The whole concept of alternative is to
deviate from the mainstream. Supposedly niched in
individuality, a paradox arises when stores that are known
for their independent scenes go commercialized and spawn a
generation of pseudo-hipsters pursuing a hypocritical
fashion. It’s like in middle school, when punk-rock was
synonymous with Good Charlotte and Blink 182 and the style
was skateboarding while wearing checkered Vans.
The alternative inspired, decked in black
Hot Topic, is now one of the most popular stores in America.
With its implied message that wearing band-tees are way
cooler than your regular polo, the store attracts youngsters
to express their style. But with the same black-zipper
pants, rock tee logo, and chunky combat boots, crops of
‘alternative’ zombies are invading the streets.
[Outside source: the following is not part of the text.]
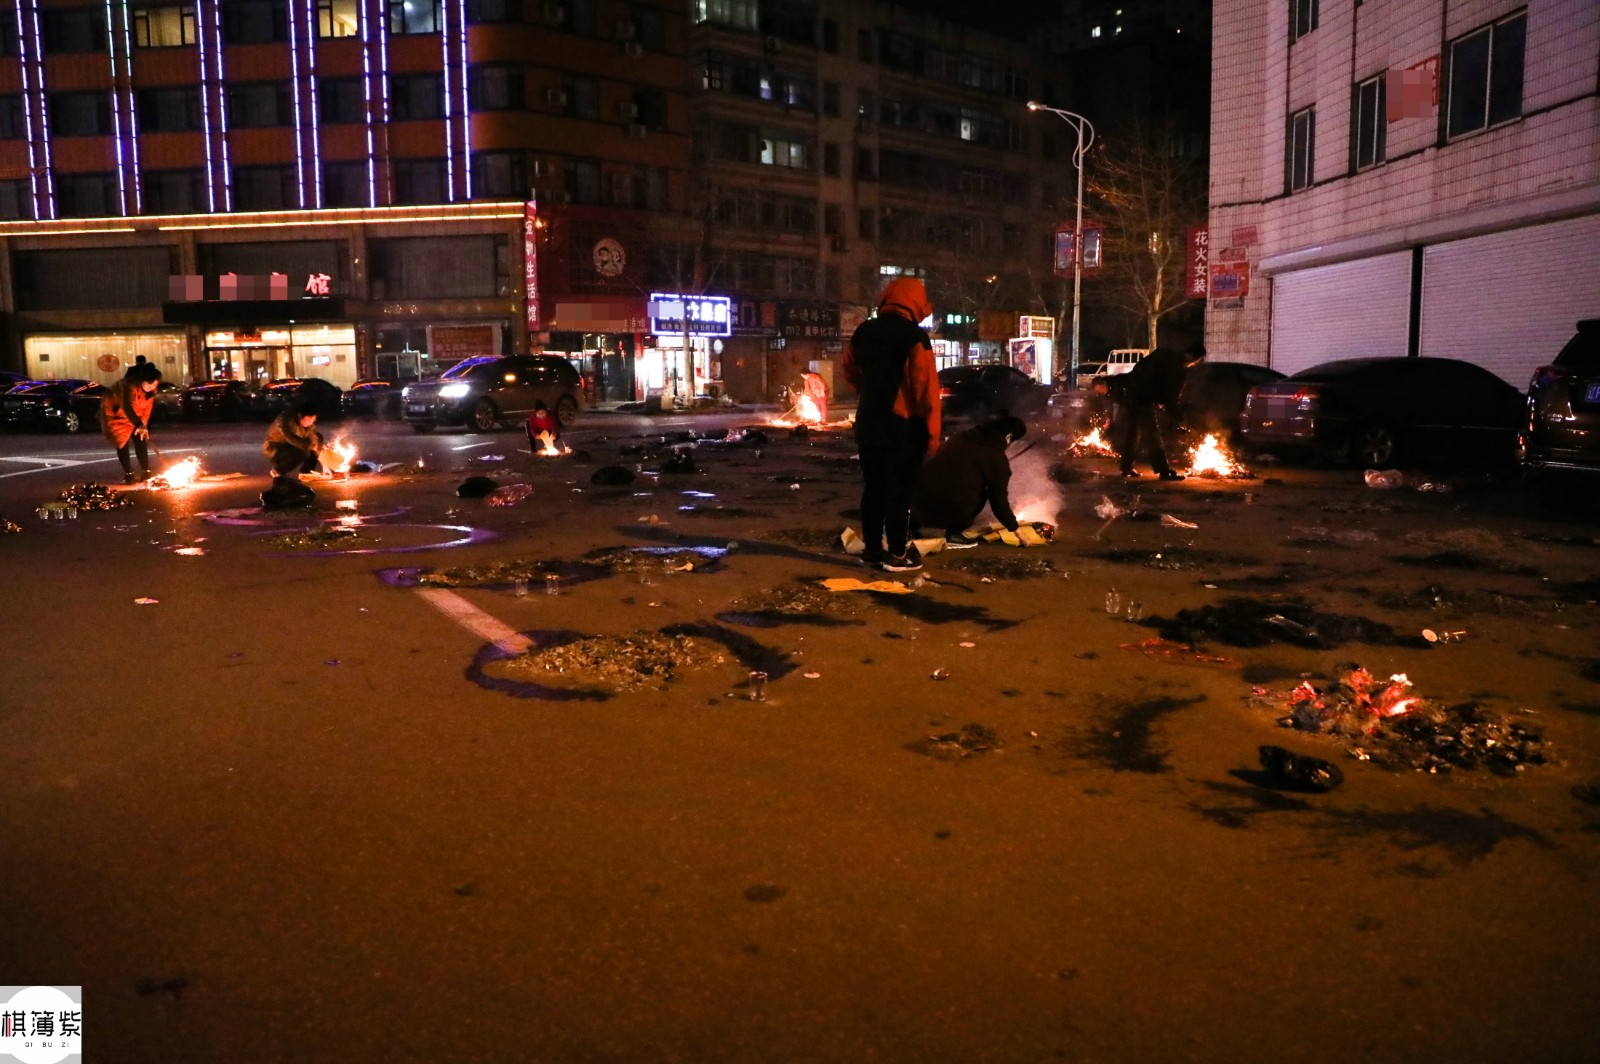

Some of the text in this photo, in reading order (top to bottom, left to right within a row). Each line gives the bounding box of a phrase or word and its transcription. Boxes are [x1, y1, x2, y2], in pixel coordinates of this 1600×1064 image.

[525, 217, 537, 322] 宠物生活馆
[1193, 230, 1208, 293] 花火女装
Same goes with those Converse All-Star
chucks. Supposed to be the champion of individual style,
they are actually the most popular athletic shoes in
history. After Johnny Ramone sported them, they became a key
shoe of alternative rock culture. So much for the original
punk message of nonconformity and anarchy. But of course you
can make the shoes special to you; just change the color of
the shoelaces and draw on the canvas. That way, no one will
have your truly individual style.
Then there’s Forever 21, the holy mother
of fast food fashion. This store is ingenious. It takes
designer styles and rips them off to make cheapies for
Middle America. Styles are gone in a whirling three weeks as
the catwalking Dior and Marc Jacobs design new goodies to be
copied. As the fashion breeze changes, so does the dwindling
size of your wallet as well as the expansion of the unused
back section of your closet.
So where does that leave me? I don’t know
actually. I’m seriously confused about fashion trends now,
because appearances are just as important as the
much-idolized ‘inner beauty,” and I need to find a personal
style. But how should I be portrayed in a whirlwind of
fashion niches that all sends out a different message? I
want individuality but can’t seem to find anything
satisfying. Unless you go designer and buy rare couture or
go vintage to find oldies goods, pretty much Middle America
is doomed in a pseudo-individualistic phase.